Social integration is the process during which newcomers or minorities are incorporated into the social structure of the host society.

Social integration, together with economic integration and identity integration, are three main dimensions of a newcomers' experiences in the society that is receiving them. A higher extent of social integration contributes to a closer social distance between groups and more consistent values and practices. Bringing together various ethnic groups irrespective of language, caste, creed, etc., without losing one's identity. It gives access to all areas of community life and eliminates segregation.

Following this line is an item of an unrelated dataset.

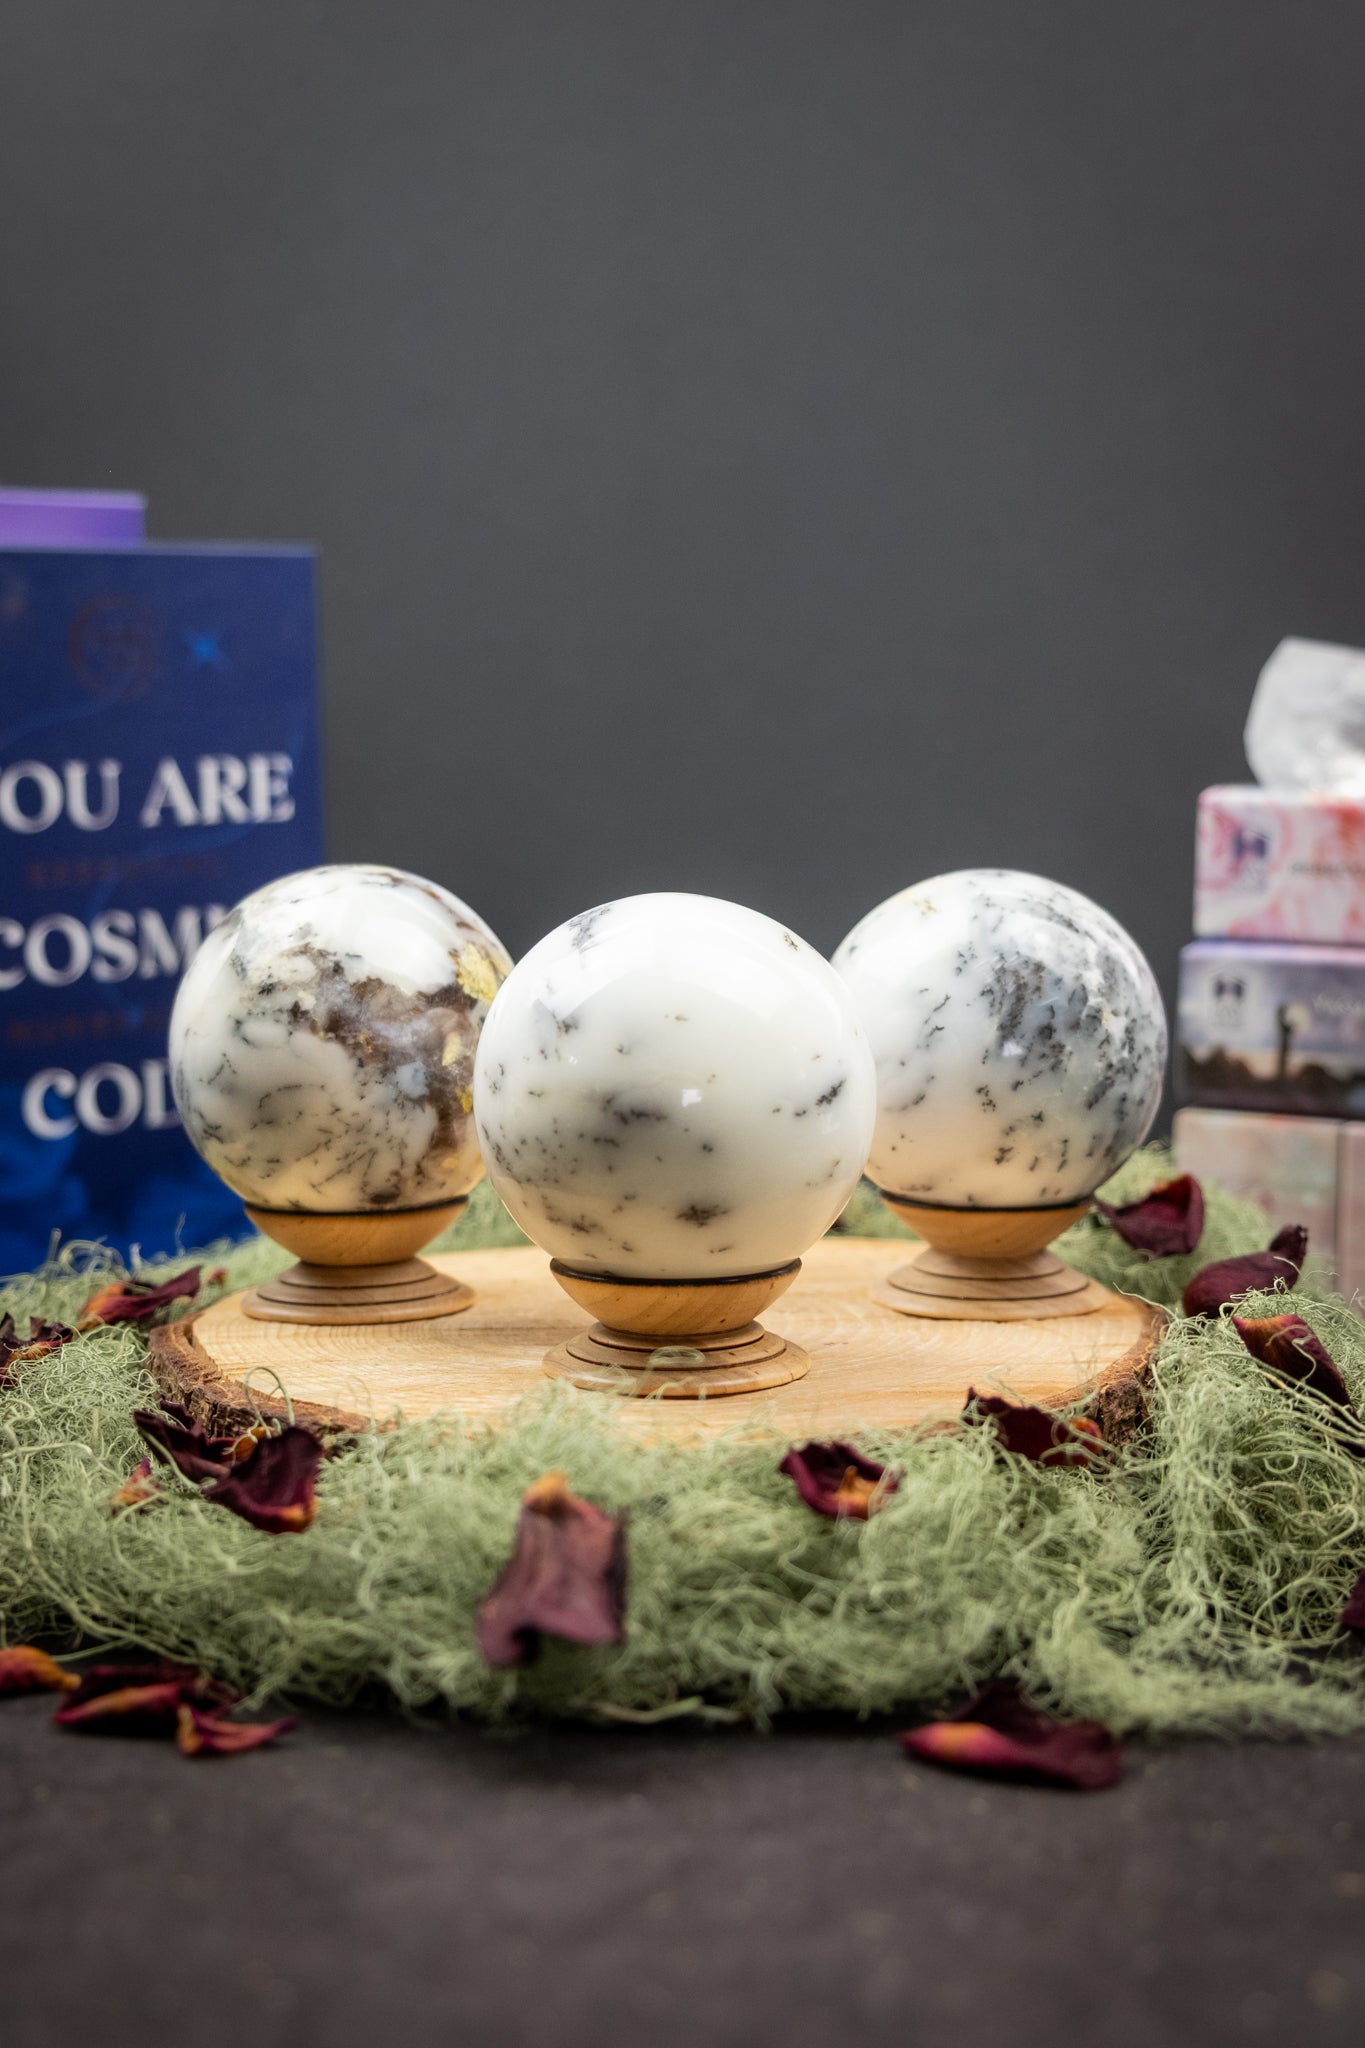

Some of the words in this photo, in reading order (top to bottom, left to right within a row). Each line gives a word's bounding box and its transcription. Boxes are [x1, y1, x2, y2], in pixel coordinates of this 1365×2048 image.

In a broader view, social integration is a dynamic and structured process in which all members participate in dialogue to achieve and maintain peaceful social relations. Social integration does not mean forced assimilation. Social integration is focused on the need to move toward a safe, stable and just society by mending conditions of social conflict, social disintegration, social exclusion, social fragmentation, exclusion and polarization, and by expanding and strengthening conditions of social integration towards peaceful social relations of coexistence, collaboration and cohesion.

Definition of integration 
Integration was first studied by Valle and Burgess in 1921 through the concept of assimilation. They defined it as "a process of interpenetration and fusion in which persons and groups acquire the memories, sentiments, and attitude of other persons and groups and, by sharing their experience and history, are incorporated with them in a common cultural life."

While some scholars offered an assimilation theory, arguing that immigrants would be assimilated into the host society economically, socially and culturally over successive generations, others developed a multiculturalism theory, anticipating that immigrants could maintain their ethnic identities through the integration process to shape the host society with a diversified cultural heritage.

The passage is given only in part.